The name by which Okaukuejo was formerly known was Okooquea, a word to describe the handle of a pulley to be found at a well. Okaukuejo was a control post after the outbreak of rinderpest in 1897. In 1901 a military outpost was established here and later converted into a police post.
The First game ranger stationed here was B.J.G de la Bat, who later became Director of Nature Conservation and Tourism. He arrived in 1953 and lived in the camel stables. The present water tower was built in 1963.

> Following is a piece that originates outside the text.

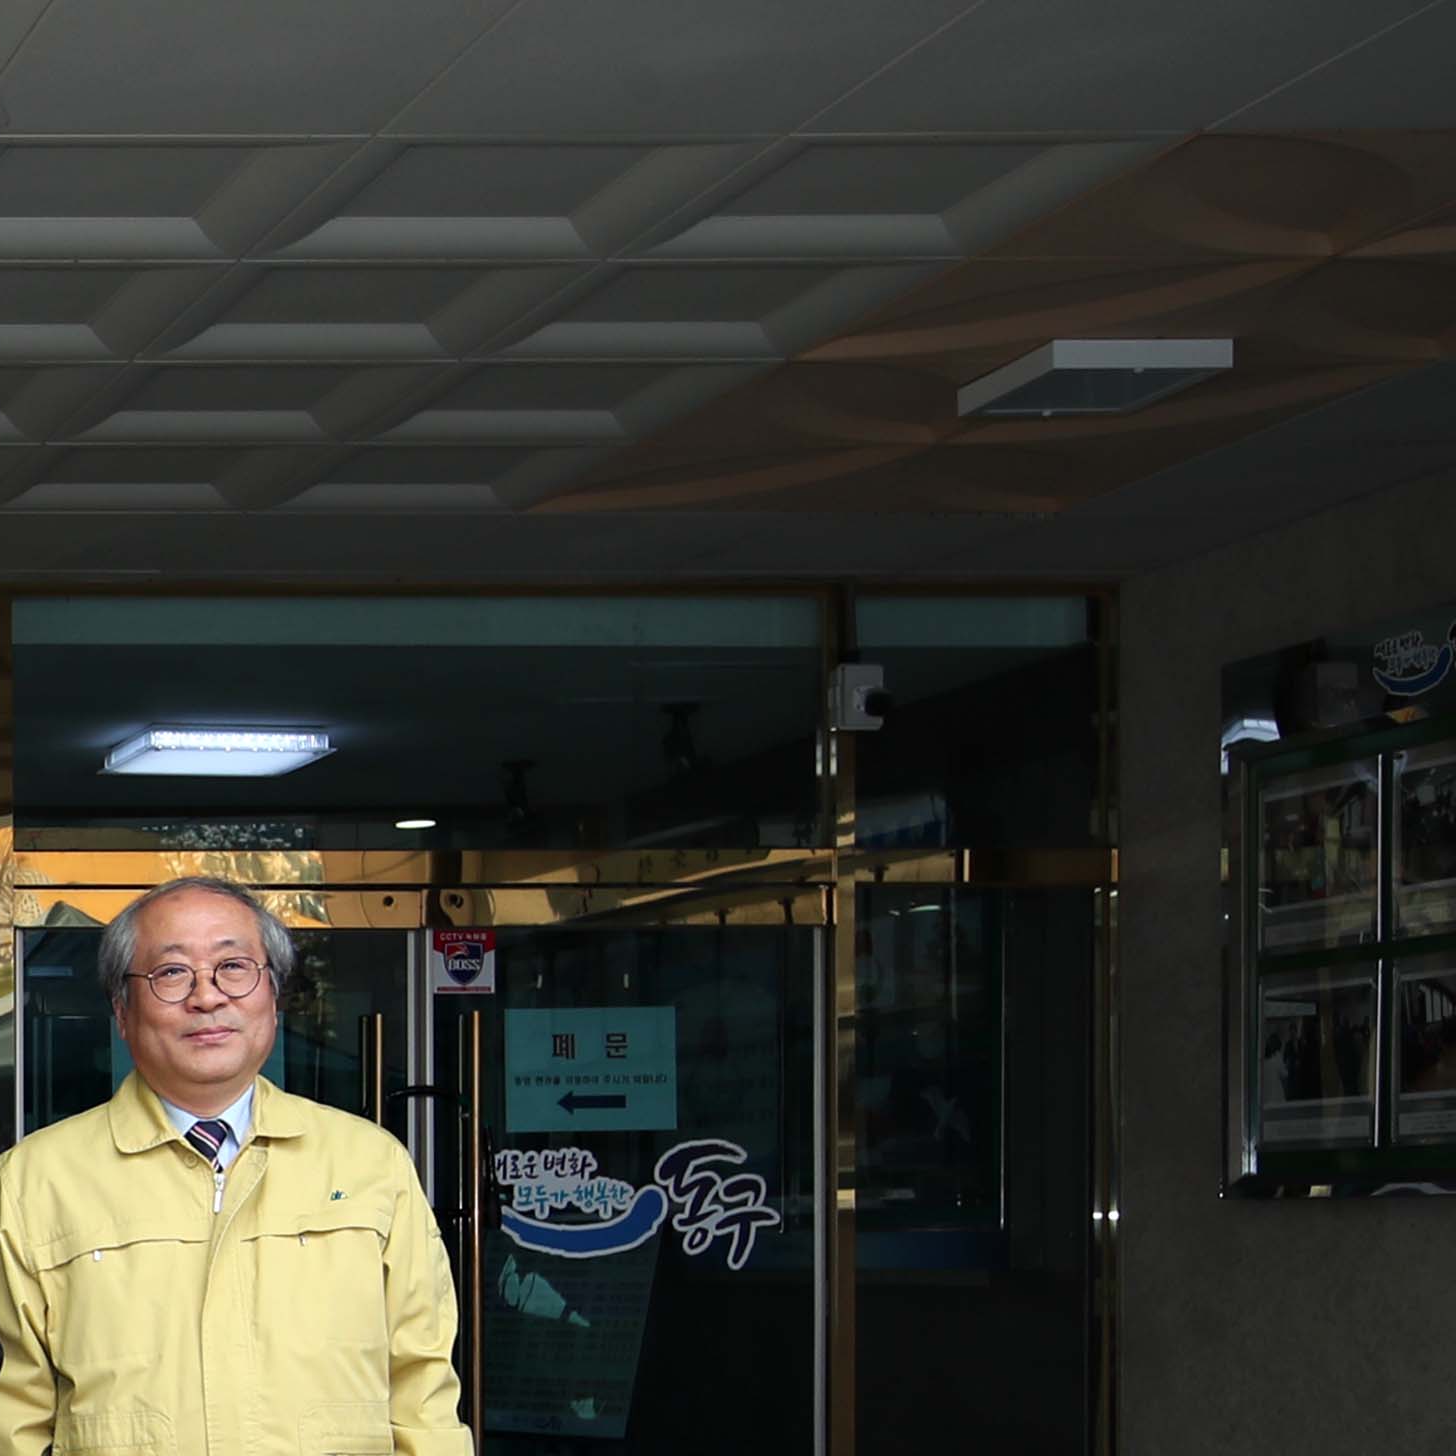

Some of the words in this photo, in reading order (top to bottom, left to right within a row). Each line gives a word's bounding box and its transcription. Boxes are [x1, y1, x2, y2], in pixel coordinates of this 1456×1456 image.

[543, 1148, 596, 1180] 변화
[516, 1185, 568, 1217] 모두가
[572, 1180, 631, 1217] 행복한
[655, 1140, 780, 1270] 동구

It is the main administrative camp in the Etosha National Park, and was officially opened for tourists in October 1957. The Ecological Institute is also stationed here. Research and management of nature conservation in the park is directed from this institute.
It was opened to tourists in 1958 and is the second oldest camp in Etosha. The fort itself was declared a national monument in 1950.

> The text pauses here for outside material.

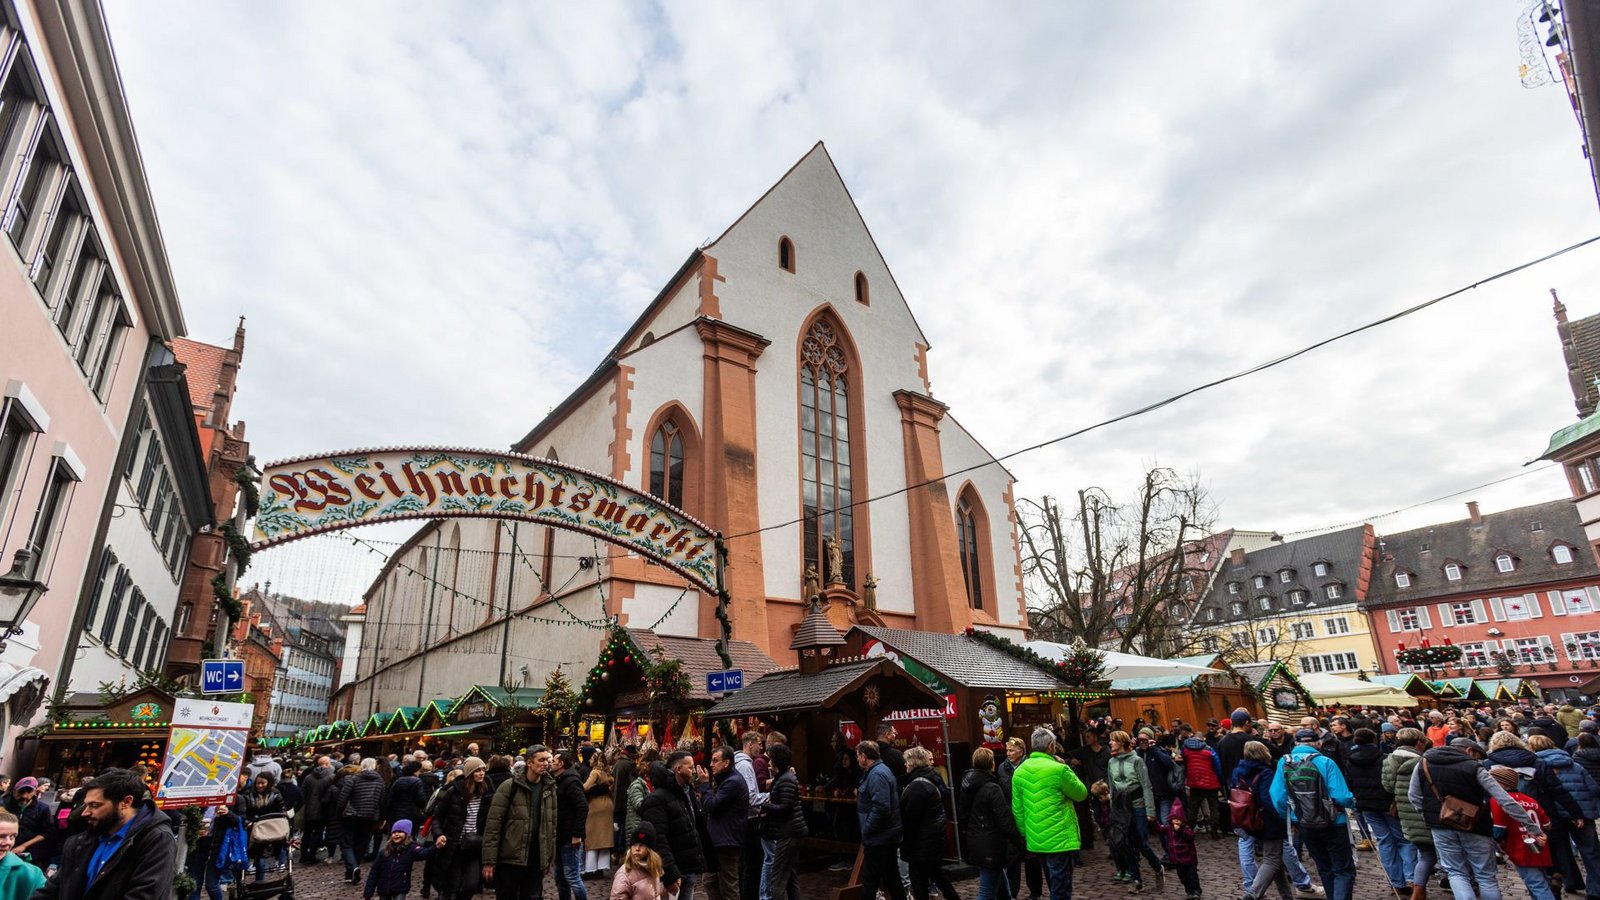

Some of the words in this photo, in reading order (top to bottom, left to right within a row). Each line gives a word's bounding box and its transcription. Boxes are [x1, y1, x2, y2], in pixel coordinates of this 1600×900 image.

[269, 461, 708, 560] Weihnachtsmarkt
[206, 670, 222, 683] WC
[726, 675, 741, 685] WC

Due north of the fort, close to the fence, likes Namutoni fountain, a bowl-shaped limestone fountain in a marshy environment consisting of tall reeds. Charles Anderson and Francis Galton camped in the area in 1851. In 1870 a group of Thirstland Trekkers also stopped here. Namutoni later became an outpost and then a border post. In 1902 and 1903 the first fort was erected, this was destroyed and a new larger fort was built in its place. It also served periodically as a police post.

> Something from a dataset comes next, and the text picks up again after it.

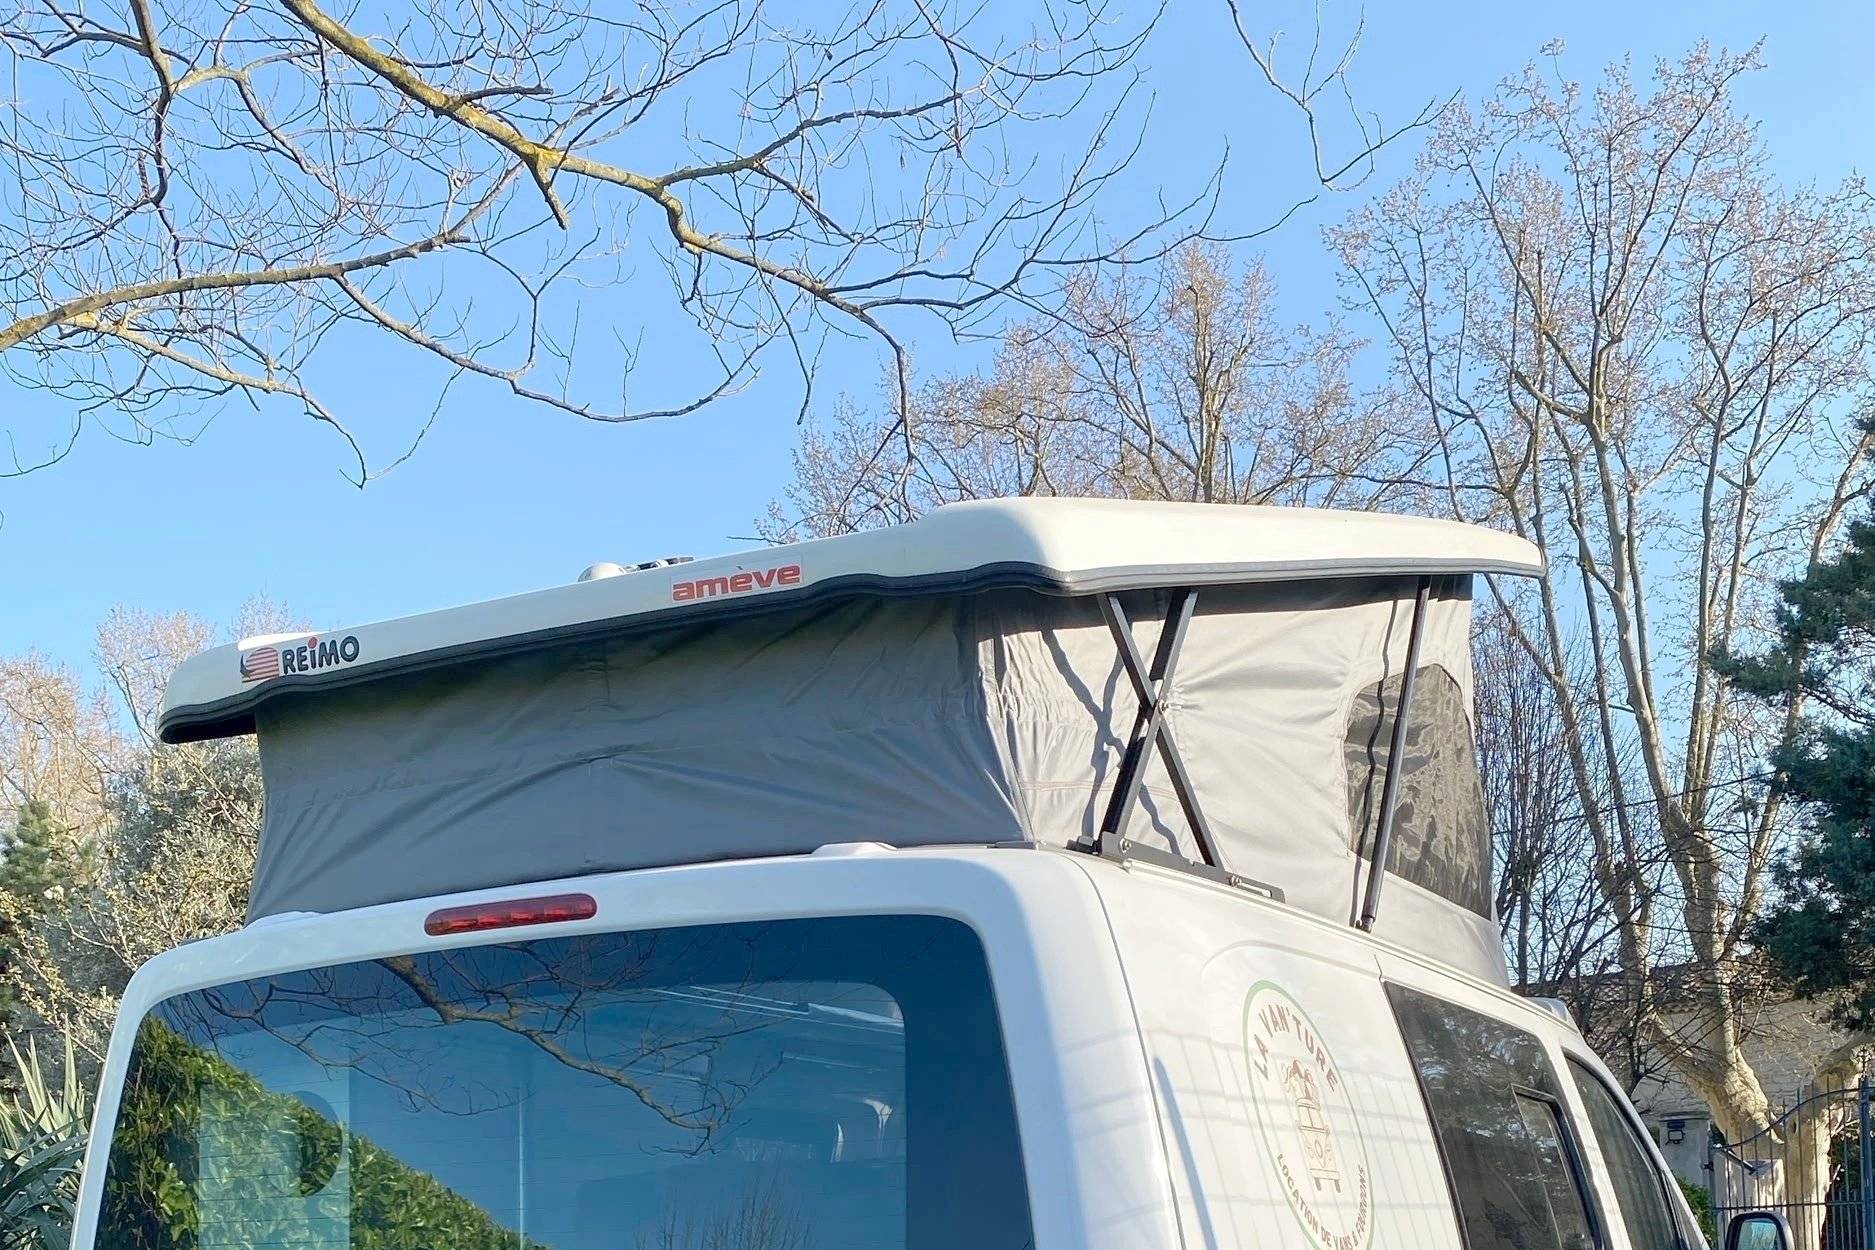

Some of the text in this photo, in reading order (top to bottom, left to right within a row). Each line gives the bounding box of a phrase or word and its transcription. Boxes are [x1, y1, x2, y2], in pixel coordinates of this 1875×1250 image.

Halali was opened in 1967 and halfway between Okaukuejo and Namutoni. The word ‘halali’ is derived from a bugle call made to announce the end of the hunt. The word has a German origin, and in earlier years the bugle was sounded when the gates of the camp were about to be shut. Zakkie Eloff was the first resident control ranger and artist.
The only hills in the game park – in the rate open to tourists – are at Halali. The German Schitztruppe operated a heliograph station on one of there hills to send messages to Okaukuejo and Namutoni. The Helio waterhole gets its name from this station.
This is the newest Camp in the Etosha National Park. Nestled on the rim of the pan on a secluded peninsula, Onkoshi Camp is a low impact, environmentally friendly establishment, which guarantees a truly personal and exclusive experience. The location is entirely out of view of current tourist routes, and all other developments in the area, and thus offers a pristine, tranquil and unique experience. Guests arrive in Namutoni from where they are transported to Onkoshi Camp in NWR vehicles.
Onkoshi Camp offers superb vistas over the Etosha pan, with its shimmering mirages during the hot days; dramatic sunset and sunrise textures and colours; sense of isolation and space; clear night skies; and the sights, smells and sounds of untamed and unadulterated Africa.
Scheduled to open its doors in November 2010. The Dolomite Camp is situated in the previously closed area of the famous Etosha National Park. Here you will find a high diversity of plant and animal species - including the Hartmann’s Mountain Zebra which does not occur in the eastern side of the park.
Rich in flora diversity representing transition in vegetation biomes towards the more arid zones.
Nestled in the dolomite outcrops of the pristine western Etosha National Park, Dolomite Camp will offer an intimate experience of one of the most scenic areas of the Park, and where previously endangered species like Black Rhino have been successfully bred.
The Etosha Pan is 120km at its longest and 72km at is widest. Apart from the main pan there are a few smaller ones to the west and north-west. The pan is mostly dry, except when heavy downpours occur and floodwater from the north flows into it. Near Namutoni the pan dies in fact have water for the greater part of the year. The salinity of this water is sometimes twice that of sea water.
The pas is the bottom of a large, shallow inland lake which dried up. It seems that ling-term climatic changes where responsible for the pan as we know it today. Evaporation at a rate of approximately 3000mm per year causes the lake to disappear quickly. In the process, the sandy clay floor became brackish. Once the lake was completely dry, the brittle, brackish soil was more easily eroded by wind, to that the pan became gradually deeper.
During the rainy season water flows into the pan from the Ekuma and Omuramba Rivers in Owamboland. The pan seldom fills up completely. The most recent flood occurred in 1978. In places where this water has now evaporated, a saline crust has formed. The greenish shade if the soil in the northern parts of the pan can be attributed to clay minerals imported during the rainy season, and to algae which grow in the shallow water.
Permanent springs are plentiful in the southern parts if the pan; water which gathers during the rainy period in the porous lime formation flows on to the impermeable clay floor of the pan.